Torrent and peer-to-peer software has been hugely popular since it burst into the public eye in the early 2000’s. Since then, clients like BitTorrent and UTorrent can be found on millions of computers around the world.
However, this is one case where there really isn’t safety in numbers. Torrent and peer to peer file sharing clients are in a class of software called riskware, a grey-area between legitimate software and potentially unwanted or harmful malware.
Beyond the murky legal implications of copyright violations, these services can also seriously jeopardise your internet security – and it’s not just accidental trojans you need to worry about.
Risk One: The Client Itself
The newest versions of many BitTorrent-based clients can open ports on your machine to other peers on the network, or their updates can be intercepted and replaced with nasty fake versions.
This was shown in 2016 when MacOS users of the Transmission torrent client fell prey to a malicious fake updated version of the app. The resulting infection stole credentials stored in OS X’s Keychain app, leading to many data breaches of the victims’ online accounts.
The client may also leave certain ports open by default, so checking the default settings and placing limits on which folders are shared can be a saving grace.
Additionally, many clients run constantly in the background. Unless you’re actively downloading or seeding a torrent, exiting your client completely is often a more secure strategy.
Risk Two: Silent Installs
When you’re installing a torrent client, you might be getting a little more than you bargained for. In 2015, users of the popular MicroTorrent client found that Bitcoin mining software had also been installed without their knowledge.
Additionally, other popular torrent software comes bundled with potentially irritating adware such as junk registry cleaning tools, unwanted search toolbars, as well as other bloatware.
These can jeopardise your privacy by “phoning home” and sharing your browsing information with advertisers, not to mention weigh down your machine with endless popup notifications.
During the installation process, ensure you read carefully which checkboxes are ticked, or opt for lighter clients that don’t include other bundled software.
Risk Three: Downloading Malware
Possibly your biggest threat when downloading your torrent is opening the finished product. Torrents often come from untrustworthy or even illegal sources, and as such can be highly unpredictable.

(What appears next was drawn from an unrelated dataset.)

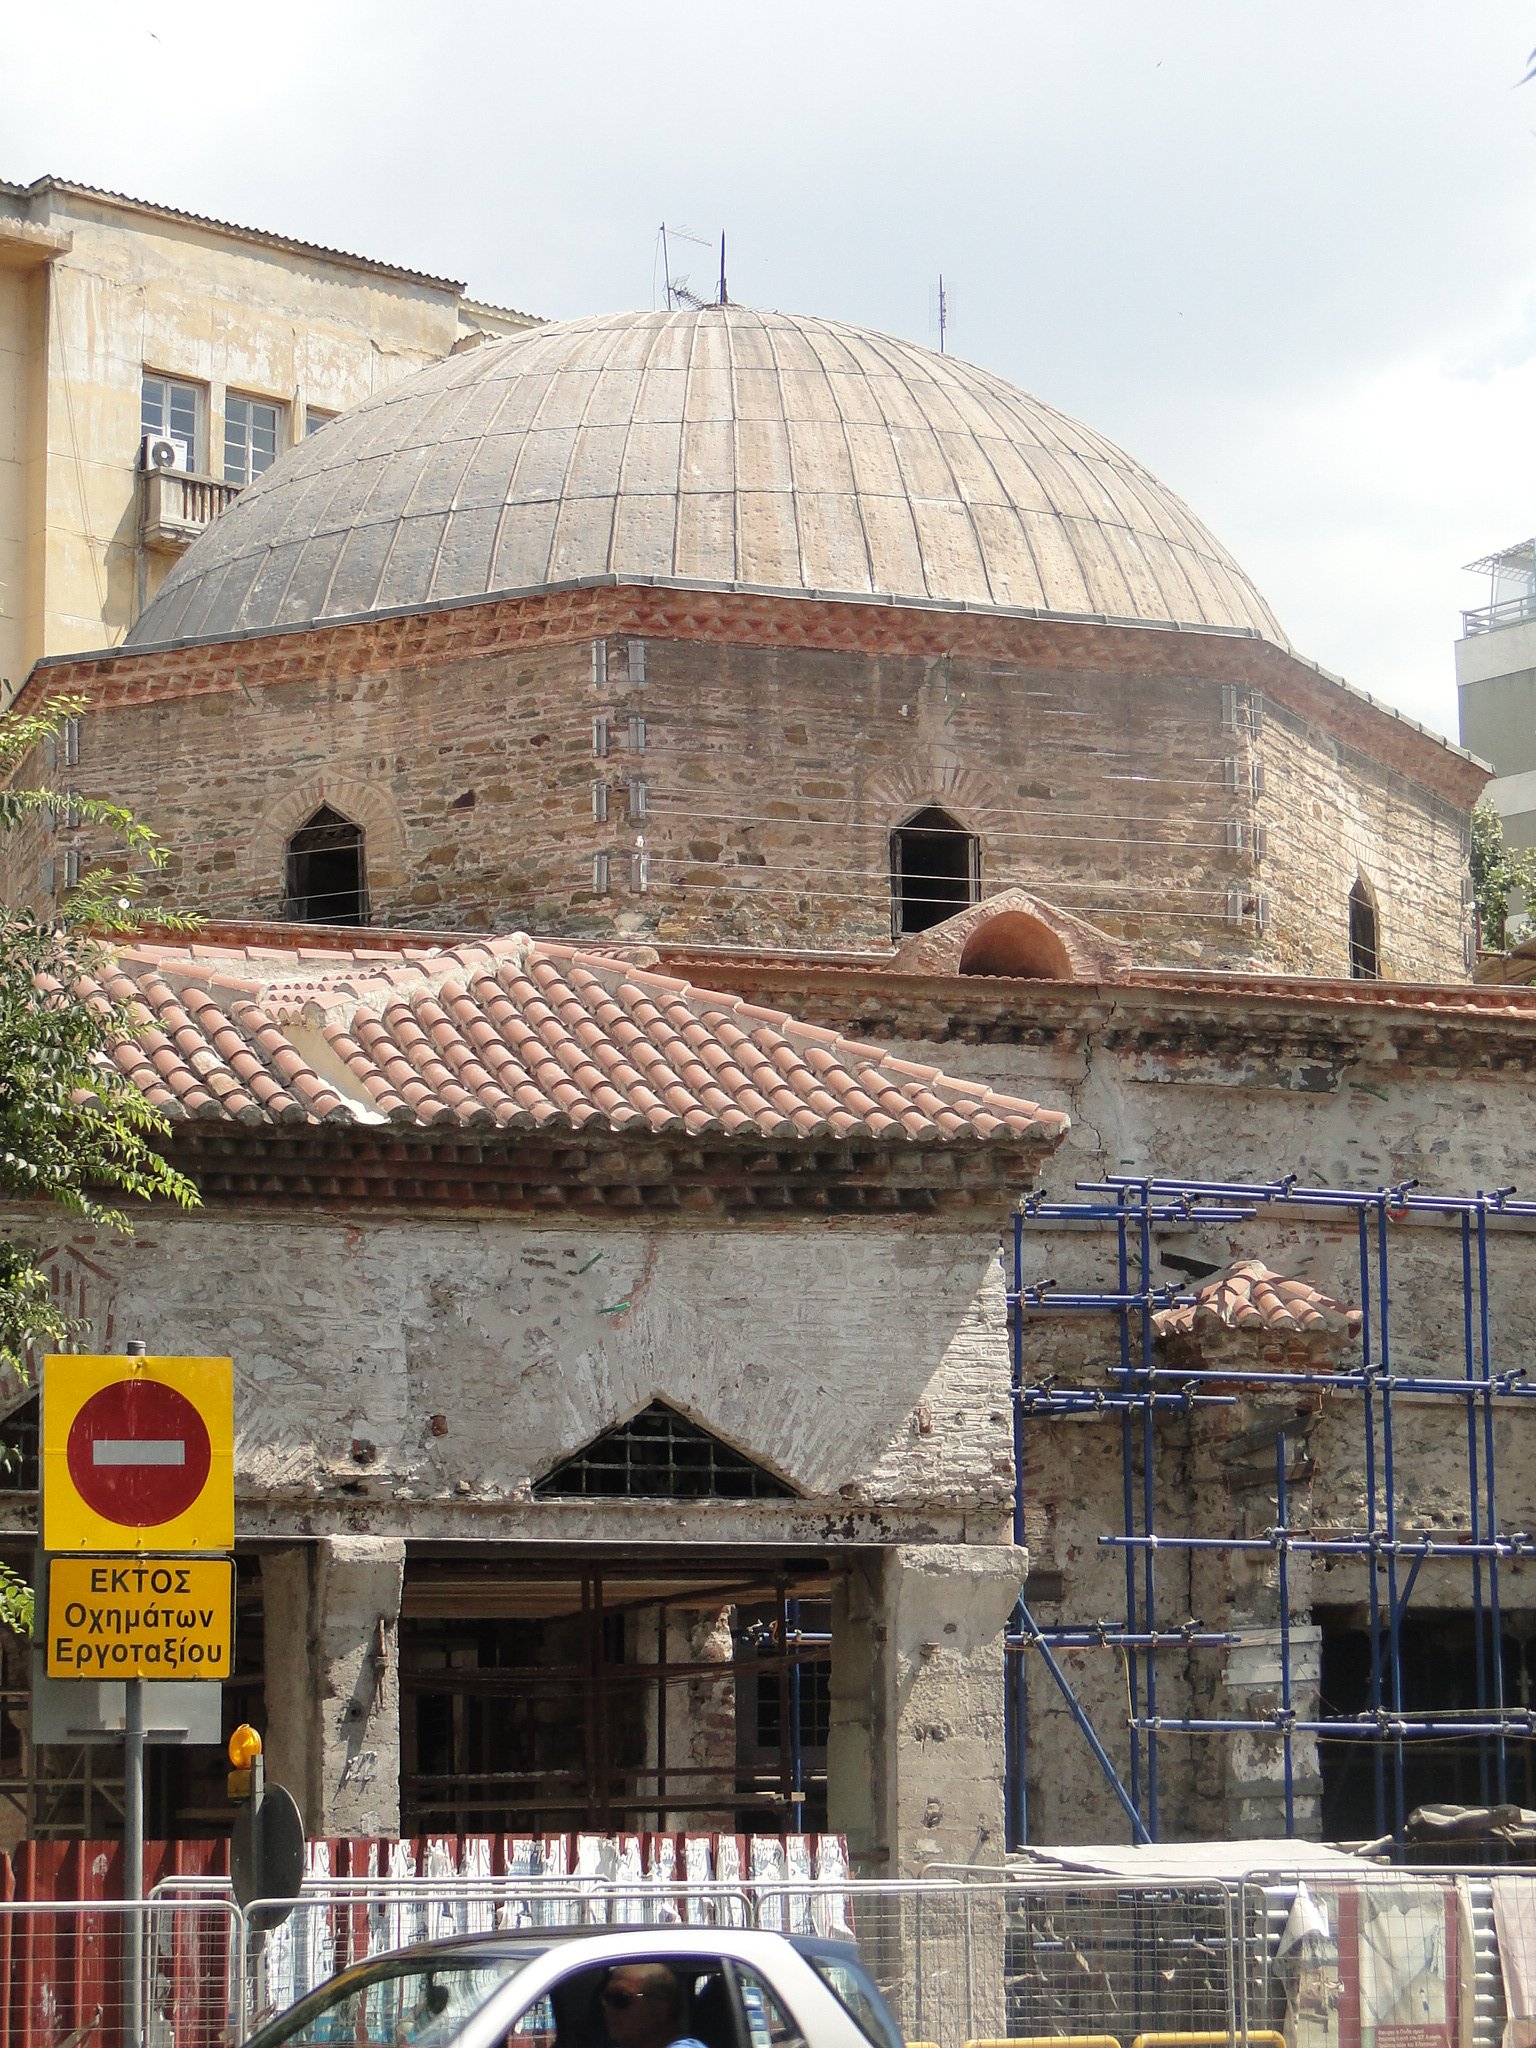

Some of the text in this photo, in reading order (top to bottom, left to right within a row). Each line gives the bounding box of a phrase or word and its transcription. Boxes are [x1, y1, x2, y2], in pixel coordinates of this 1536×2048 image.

A torrent sharer might seem to be posting a high-quality DVD rip of a new blockbuster, while covertly building a botnet full of thousands of infected computers. For example, a full version of Adobe’s new suite might actually be a trojan or even ransomware laying in wait.
This was certainly the case with the Win32.Sathurbot backdoor trojan in April 2017, when thousands of devices were added to a botnet that crawled the Internet for vulnerable WordPress admin accounts.
The trojan often billed itself as a popular movie or software package, letting unwitting users install it by mistake. As such, these infected torrents ended up being well-seeded and appearing legitimate to the average user.
By keeping these risks in mind, you can avoid the worst features that torrent software has to offer. If the benefits outweigh the risks and you simply must use a torrent client, keep your settings tight and your skeptical senses intact when you navigate the often-shady world of peer to peer file sharing.